UCTrust Workgroup
Child pages
  • UCTrust Wireless Approach after the Eduroam-US Announcement

DRAFT - UCTrust Wireless Approach after Eduroam-US Announcement - DRAFT

In July of 2010, eduroam-US was announced.  As a result the UCTrust Wireless group has been reevaluating it's original strategy, as outlined in UCTrust Wireless Approach Discussed by the CPG. This document describes an alternative proposed strategy for review by the UCTrust Work Group and the Communications Planning Group.

Proposed Modified Strategy

When the UCTrust Wireless project started, eduroam-US was not widely deployed, and our strategy was "... that federating our web portals with Shibboleth is the best first step.  We will track eduRoam progress in the US and plan to federate access to our encrypted networks when it seems appropriate to do so."  We did this, as it seemed the most effect way to make quick progress toward federating UC's wireless guest networks.
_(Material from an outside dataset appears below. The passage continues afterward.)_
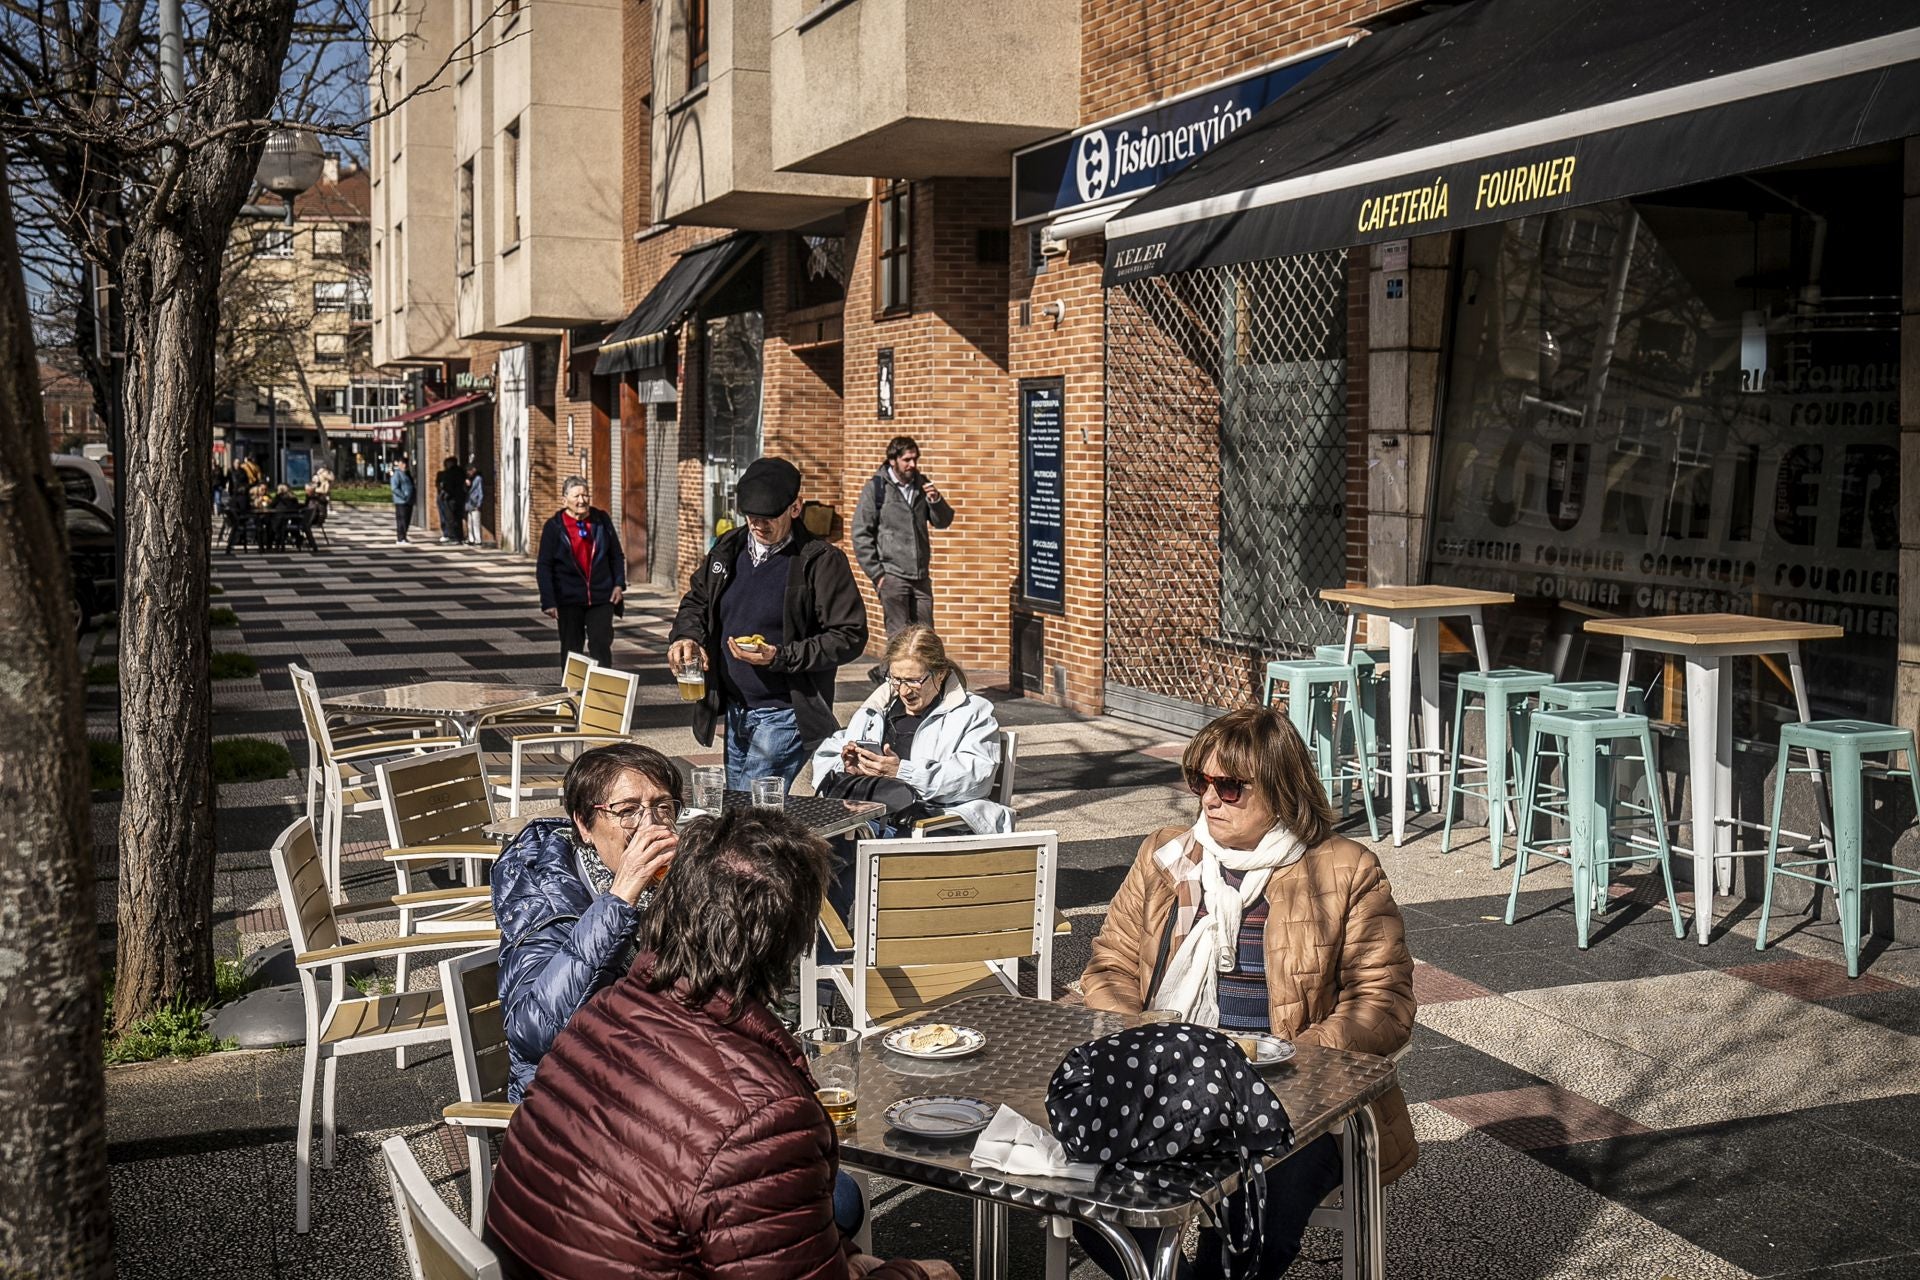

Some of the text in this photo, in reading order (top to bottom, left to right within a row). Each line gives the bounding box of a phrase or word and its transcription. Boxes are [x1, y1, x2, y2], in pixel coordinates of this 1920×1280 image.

While some campuses have issues associated with adopting eduroam-US as it is today, we now propose that our first step toward that goal be to join eduroam-US, start using its services, and work within that federation to resolve the issues. The originally-planned federated captive portal could be the strategy for situations where 802.1x is not a feasible technically, or where the operational impacts of eduroam-US are too great. However, a bifurcated strategy will increase user frustration and will not provide seamless roaming between UC campuses. In addition, the captive portals are likely to take longer to implement, however, as eduroam-US is a relatively fast implementation for many campuses.

Issues Associated with Federated Guest Wireless Access

The group has identified the following issues associated with the management of a federated guest wireless service.

  • Host institutions require information about their guests.  This information is used to communicate with guests in the following situations:
    • A security vulnerability is suspected on a guest's computer.
    • A copyright infringement notice is received for a guest.
    • A security investigation involves a guest.
  • Host institutions may desire to present local information, such as its network policy, to guests.
  • A wireless guess access federation needs policies to govern operational issues and other interactions among its members.

These issues that are not currently well-addressed by eduroam-US, and campuses joining eduroam-US now will need to accommodate. These are, however, issues for any federated guest wireless service, and will need to be addressed in the implementation of the "federated captive portal" strategy.

  • No labels